Nothing different than grade school math. We learned in grade school to do positive whole numbers first add, subtract all that. Then we learned to make a horizontal scratch that represented a minus sign and indicated negative numbers and learned about the number line and no we could go netagive. So the presence of the negative sign or not (or negative sign vs plus sign) indicates the individual number is positive or negative. It only takes one bit in binary to represent I am negative or positive. That is the "sign" bit in the/this floating point format (or any other).

Then at some point in grade school we learned about decimal points, after doing fractions for a while. And that was just a period we put between two numbers it indicated where the last whole number was and where the fraction started. I could just stop there and say there is no reason whatsoever for base 2 to be different than base 10 from base 13 from base 27 you just put a period between two numbers to indicate where the last whole number is and the first part of the fraction. But floating point goes a little further. Now this may have been in grade school or later in middle school but they eventually taught us about scientific notation and/or other ways to represent numbers by moving that decimal point around, sort of the decimal still represented the boundary between the last whole number and the beginning of the fraction but off to the side we had a multiply against the base number to a power

12345.67 = 1.234567 * 10^4

And that is the remaining part of the puzzle.
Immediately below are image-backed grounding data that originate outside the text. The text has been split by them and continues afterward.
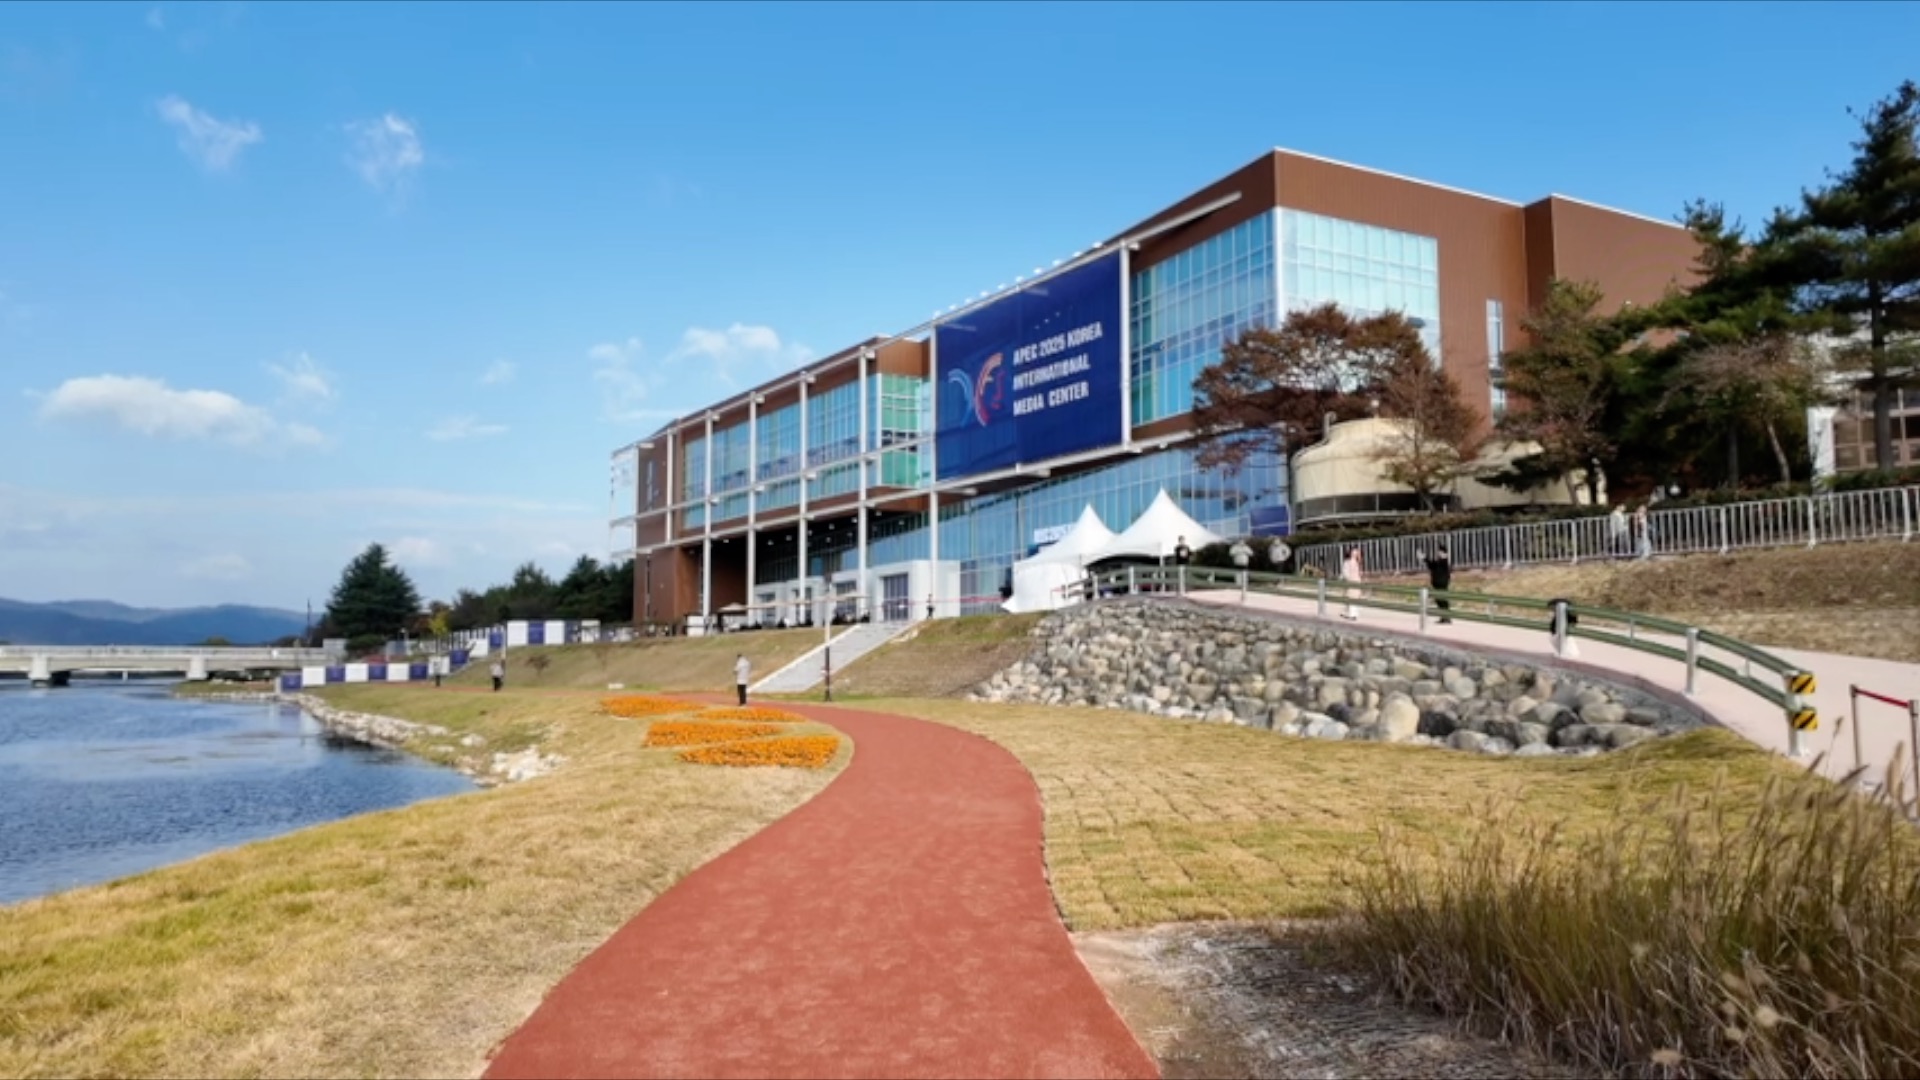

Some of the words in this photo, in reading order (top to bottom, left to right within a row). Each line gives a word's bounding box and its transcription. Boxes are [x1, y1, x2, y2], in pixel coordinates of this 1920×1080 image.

[1013, 343, 1038, 366] APEC
[1039, 332, 1066, 357] 2025
[1067, 321, 1103, 348] KOREA
[1013, 353, 1091, 391] INTERNATIONAL
[1013, 393, 1045, 416] MEDIA
[1049, 381, 1089, 408] CENTER
With pencil and paper so long as we have enough paper and enough pencil lead (graphite) we can write numbers with as many digits as we care to, but as you already know with whole numbers we are generally limited by the size of a register, now we can use other grade school knowledge to turn an 8 bit alu into a infinite number of bits alu (so long as we have enough bits of memory/storage) but we are still dealing with things 8 bits at a time in that case. In this case they chose to have initially a 32, 64 and 80 bit (or maybe that came later) format, so our bits are strictly limited with these numbers (we now have 16 bit and maybe smaller although that wouldnt make much sense), and they use the something times base to the power exponent. The something is the mantissa the 1.234567 above but stored without the decimal point 1234567 the location of the decimal point is assumed/agreed upon (known). It is the first non-zero digit in the number so 123456.7 we would move it to 1.234567 and adjust the exponent for 78.45 we would move it to 7.845 and adjust the exponent on the base multiplier. Since this is binary there is only one value that is not zero and that is one (a bit is either 0 or 1) so 011101.000 we move it to 1.110100 and adjust the exponent. (this is like scientific notation but base 2)
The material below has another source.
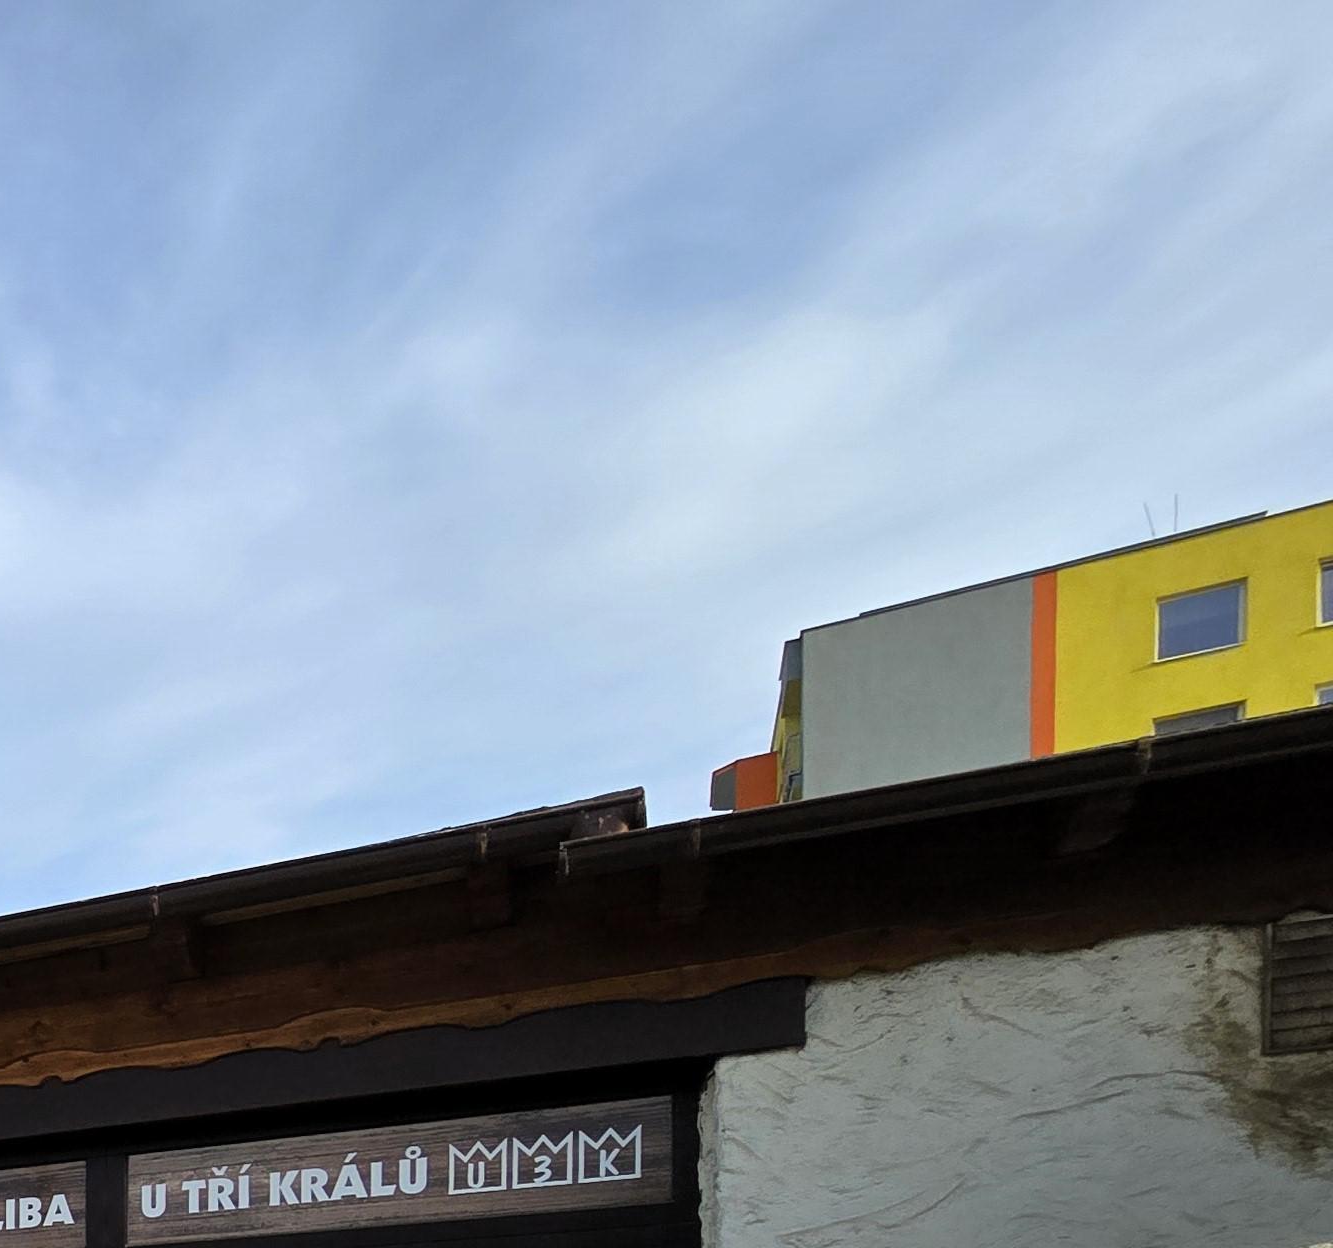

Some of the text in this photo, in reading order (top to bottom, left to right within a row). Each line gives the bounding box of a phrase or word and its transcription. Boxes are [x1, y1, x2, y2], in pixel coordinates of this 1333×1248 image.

[140, 1145, 429, 1218] U TŘÍ KRÁLŮ
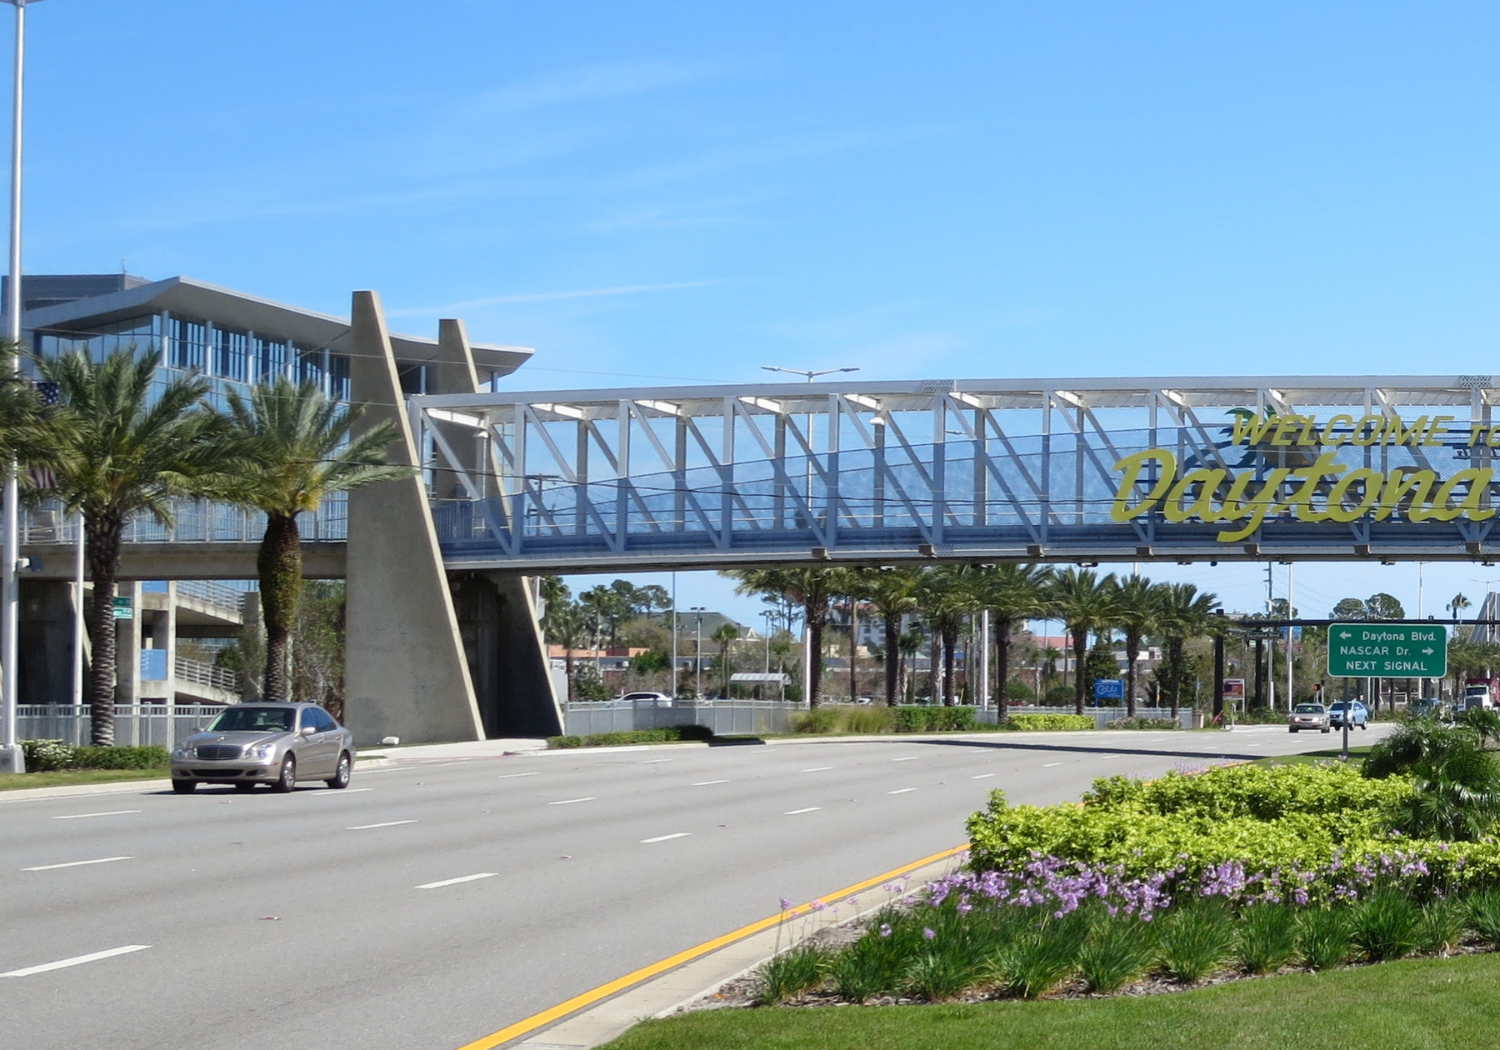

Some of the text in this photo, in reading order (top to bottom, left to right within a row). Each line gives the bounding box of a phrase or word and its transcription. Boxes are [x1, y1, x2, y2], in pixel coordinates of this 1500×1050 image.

Next the number of bits in this mantissa or significant digits in scientific notation if you want to think of it that way is limited within the formst 23 or some number of bits, see the wikipedia page on single precision floating point format (the 32 bit one, double precision is 64 bits and works exactly the same way just has more mantissa and exponent bits). So we take our number however many digits it has we find the most significant one, we move the decimal point there and adjust the expnonent on the multiplier just like we did above

11101.01 = 1.110101 * 2^4

we technically dont need to store the 1 before the decimal point and we dont need to store the 2 but we need to store the 110101 and we need to store the 4 in binary form. Along with the sign in the above case indicating a positive, so the sign, exponent and mantissa and we can reconstruct this number. Or any number that conforms ones that are not really small or really big (such that the exponent wouldnt fit in the alloted number of bits).
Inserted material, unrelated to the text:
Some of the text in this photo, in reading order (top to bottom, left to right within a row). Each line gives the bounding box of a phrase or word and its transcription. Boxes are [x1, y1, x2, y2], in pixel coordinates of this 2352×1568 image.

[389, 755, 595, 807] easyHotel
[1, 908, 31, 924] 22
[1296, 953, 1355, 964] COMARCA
The IEEE-754 folks then took one last step and instead of just encoding the exponent number as is they used sort of a backwards twos complement. We already know from integer math on computers about twos complement and how to understand what those numbers look like. they didnt do exactly that for some reason, it would have made so much more sense, but instead they declared that 1000...0000 one with all zeros in binary is the definition of the mid point or another way to look at it is all zeros is the smallest exponent and all ones is the largest exponent and you have to adjust it. We know from twos complement of an 8 bit number in this case the largest number is +127 and the smallest -128, what they did was change this so they could have a larger positive exponent instead of +127 to -128 as in twos complement this is backwards it is +128 to -127, to us it simply means we adjust by adding 127. In my above case with a 2 to the power 4 the binary for 4 is 100 using 8 bits twos complement that is 00000100 to "encode" it into the single precision IEEE 754 floating point format that becomes 10000011 I simply added 127 or add 128 (10000100) and then subtract one.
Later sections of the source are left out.